Desde que Antônio me disse sobre o quanto a nossa filha é tudo o que ele tem agora e como eu devo cuidar dela, eu não paro de pensar nas medidas que tomei para proteger Petra, há alguns anos atrás. Eu tinha uma bebê de dez dias nos braços quando me lembrei das ameaças que fiz no passado e gelei ao recordar que deveria cumprir minhas promessas o mais rápido possível.

- Irene?! Chamou. Eu já cheguei. Avisou. Fui lá ver aquele tal delegado. Atirou o celular e as chaves na mesa ao lado do sofá, se sentando em seguida. Impressionante como é insuportável ter um guarda costas. Como é que pode em? Não aguento mais andar com o Silvério pra cima e pra baixo e ... Irene?! Chamou novamente, tá me ouvindo? Você parece distante. Tá tudo bem? Se aproximou, enquanto a mulher viajava no tempo.

[• Nova Primavera (MS), 1997 •]
- Licença, pois não Dona Irene, mandou chamar? Entrou na sala da fazenda, enquanto diminuia o tom de voz, respeitando o fato de que existia uma bebê de dez dias na casa dos patrões.
- Como vai Sidney? Mandei. Mandei te chamar sim. Encarou um dos peões mais certeiros de Antônio. Pode me acompanhar até o escritório, por favor?
O homem seguiu a patroa, enquanto encarava os cantos da bela casa de Antônio. Quase nunca era convidado a entrar e por isso, sempre acreditava ser um evento estar lá.
- Sidney, eu preciso que você faça um serviço pra mim. Foi direto ao ponto, enquanto se sentava na cadeira do marido. Preciso que você faça um serviço.
- E... Que tipo de serviço a madame quer?
- Eu quero que você vá até uma cidade vizinha chamada Corumbá, e mate um homem. Ordenou. Mas, é claro que o Antônio não pode saber de nada. Pediu.
- Claro madame. Concordou. E qual é o nome do sujeito? Diminuiu o tom de voz.
- Leonardo Rodrigues Aldrava. Decretou. Eu vou te passar todas as informações. Olhe bem Sidney. Advertiu. Você não pode falhar.

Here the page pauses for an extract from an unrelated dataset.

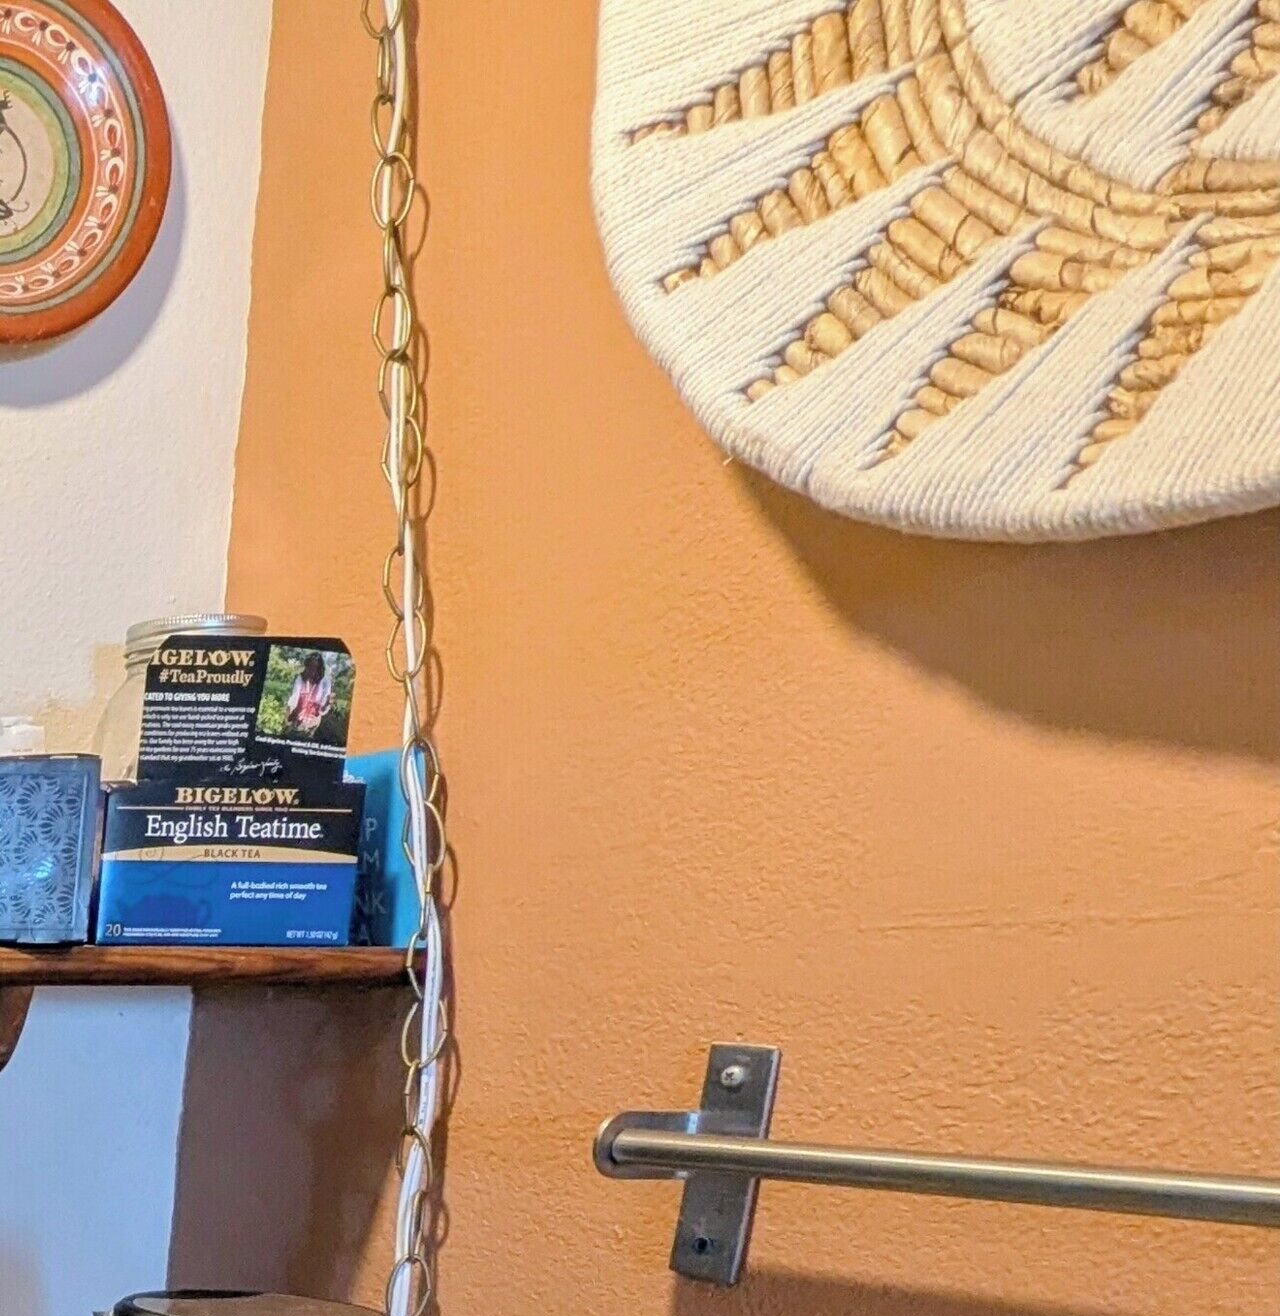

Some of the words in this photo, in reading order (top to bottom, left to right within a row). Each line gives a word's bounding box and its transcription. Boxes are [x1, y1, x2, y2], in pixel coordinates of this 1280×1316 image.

[• Nova Primavera (MS), 2023 •]
- Irene?! Insistiu. Tá com a cabeça onde mulher? Tô te chamando e você não responde. Parece que tá em outro planeta...
- Eu tava. Encarou o homem. Acabei de fazer uma viagem ao passado Antônio. Foi sincera, enquanto se levantou para andar por toda a sala.
- Que que foi Irene? Tocou o ombro da mulher. Pelo visto você lembrou de algo ruim. Afirmou. Tá perturbada, ansiosa, incomodada. Aquele cara voltou a te ameaçar? Indagou preocupado. Ele disse alguma coisa que...
- Eu mandei matar o meu pai. Revelou.
- Como é? Soltou seu ombro, boquiaberto.
- Eu te disse que não queria que você fosse atrás dele. Lembrou. Disse que queria esquecer essa história mas... Quando a Petra nasceu eu... Eu não consegui. Esclareceu. Ela tinha dez dias quando eu mandei o Sidney acabar com ele.
- Irene, você...
- Eu sei. Afirmou. Eu sei que você deve tá me achando um monstro. Sei que deve tá se perguntando quem é de fato essa mulher com quem você foi casado por trinta anos. Mas, eu precisava proteger a minha filha daquele homem. Deixou uma lágrima escorrer. E eu só me arrependo de não ter mandado acabar com o Dirceu junto. Revelou.

Antônio On:
A Irene é a mãe mais leoa que eu já conheci. Como ela, eu também não tive um bom pai. Sofri muitas coisas, fui bastante renegado, torturado e obrigado a me tornar o homem violento que eu fui todo esse tempo. Mas, eu reconheço que, ser uma mulher, não deve ser nada fácil. Eu sei que é difícil pra Irene confiar em qualquer pessoa. E só eu sei, o quanto foi difícil convencê-la de que eu jamais tocaria num fio de cabelo da nossa filha. Eu sei quantas noites ela passou acordada alimentando esse ódio que sempre sentiu do pai por tê-la feito tanto mal. E eu sou capaz de entender as suas ações. Sou capaz porque... Eu quis matar Dirceu quando soube que ele tinha tirado a inocência da minha filha. A filha que eu acabo de descobrir que a mãe, lutou tanto pra proteger.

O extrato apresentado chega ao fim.